Так или иначе, но выступление лояльного и дееспособного большинства, того самого, которое нам оставила история, слегка задерживается.

Но власть не в состоянии обеспечить ему свободный путь. Она спешит отменить старые законы с теми институтами, которые обеспечивали их применение; а дерзкие захватчики смеются над тезисами и резолюциями: их может сбросить только штык. В столице штыков действительно много; но все они в лучшем случае воткнуты в землю.

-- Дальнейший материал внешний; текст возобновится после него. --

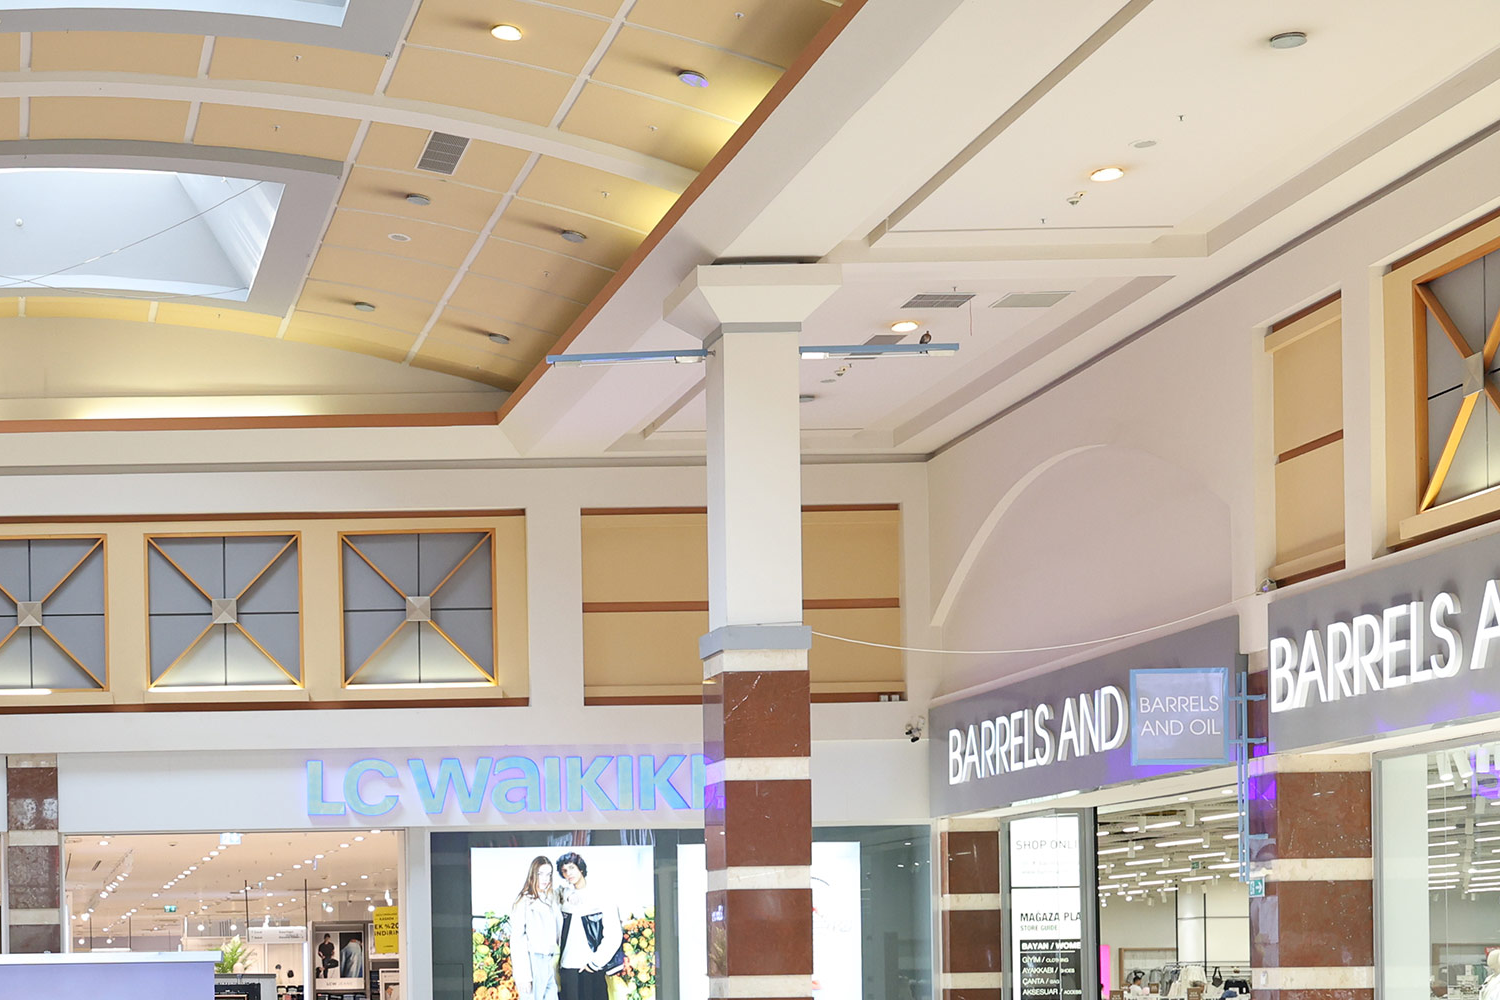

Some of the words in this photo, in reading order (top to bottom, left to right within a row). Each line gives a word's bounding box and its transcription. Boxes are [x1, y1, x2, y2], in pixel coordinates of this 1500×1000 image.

Перед глазами проходит наша маленькая драма контрразведки. Из прежней тесной квартиры на Знаменской мы перешли в большой дом Императорского Конвоя на Воскресенской набережной, где заняли два нижних этажа. Третий этаж предназначался для какого-то второстепенного отдела Штаба округа и временно пустовал. В первых числах июня, в одно прекрасное утро приезжаю и глазам не верю: верхний этаж занят «Боевым отделом Литейной части партии большевиков». Сюда уже перевезены все доспехи, как флаги, плакаты, брошюры и арсенал; тут блестят и поднятые штыки. Все, что угодно, но не мириться же с присутствием в вашем доме той самой партии, о которой вы уже полным ходом ведете расследование. Все мои люди наружного наблюдения попадают под обзор противника, не говоря уже об удобствах общего подъезда, внутренних сообщений и митингов перед домом.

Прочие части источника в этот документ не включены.